Shifting Focus

Change is about the only thing that we’re guaranteed in life.  As many of you know the last year and a half has been a time of big change for my wife and I.  We went from the excitement of her being pregnant, to finding out that our son had a very severe case of CDH, to my wife quitting her job to be with our son every day, to him battling for his life for 8.5 months in the hospital, to lots of medical bills, to me having to take a cut in pay due to the slowdown in the oil field and to me working much less than usual which meant less income.  And that’s just the changes I can think of off the top of my head.

As such, financial matters weren’t our real focus throughout much of 2015 as there were much bigger issues to tackle.  2015 could be defined as a year of treading water financially to say the least.  We made very little progress on our journey to financial independence, but honestly we were just happy that we were on solid enough financial ground that we were able to tread water and not drown.  We had finally gotten on top of all of our finances by the end of 2015 after neglecting many of the issues that had slipped through the cracks throughout the year.

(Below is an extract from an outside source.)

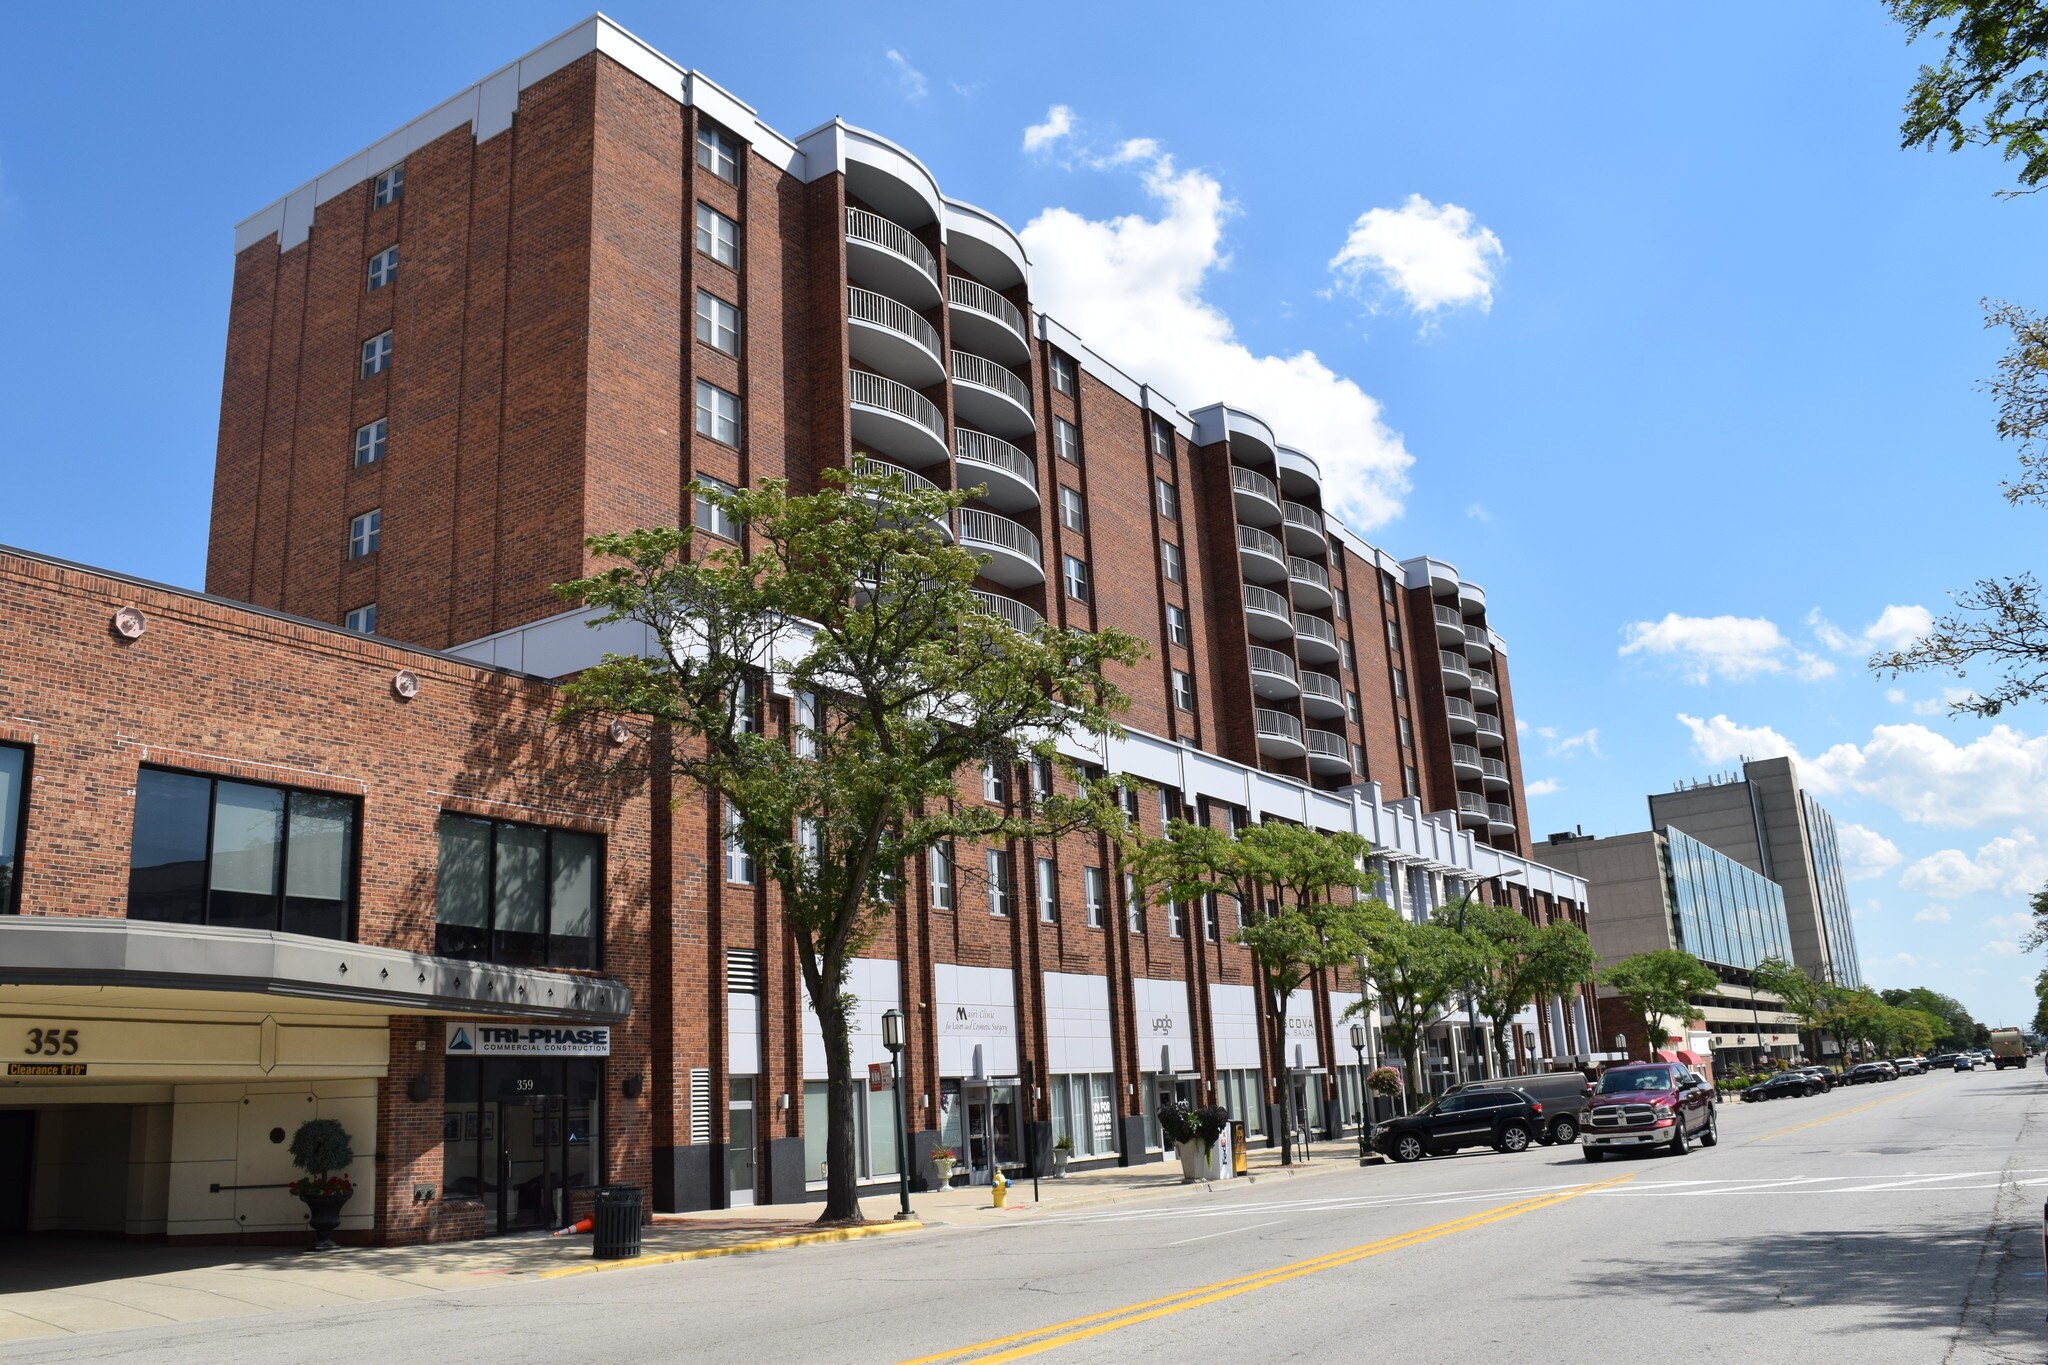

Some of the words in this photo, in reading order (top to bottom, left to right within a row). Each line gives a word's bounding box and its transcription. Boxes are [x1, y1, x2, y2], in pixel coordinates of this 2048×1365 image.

We were hoping that 2016 would bring much calmer waters, but it looks like that won’t be the case.  I’m excited to announce that my wife is pregnant again and we are expecting another child on July 11th.  While 2016 looks to be another transition year for our finances we’re just hoping that everything turns out fine with our new child.  Everything was “normal” during the last pregnancy until the 20th week ultrasound which my wife will reach later this month.  We don’t really expect there to be any issues, but then again we didn’t expect there to be any issues the first time.

Honestly we’re not that worried about this child having CDH, but after spending 8.5 months in the NICU with our son it’s everything else that has us worried.  Our frame of reference for having a child in the NICU and all of the issues that can lead to a baby being admitted there.  It’s one of those situations where our exposure to certain situations creates a bias within our mind of likely outcomes.

Our Current Situation

Anyways back to the topic at hand.  2016 will be another transition year for our finances and investment capital will be much lower than in years past.  For the first half of the year my wife and I have re-prioritized our savings allocation plan.  In years past all savings were funneled into investments; however, we’ll now be working on paying down some debt that we’ve accumulated.

My wife and I both want her to be a stay at home mom which means that her income will drop to $0 once the school year is over in late May/early June.  While I will have 3 months of family medical leave built back up by July, I expect to only use 1 month of leave assuming that everything is fine with our child.  That means a complete month of $0 income for the household.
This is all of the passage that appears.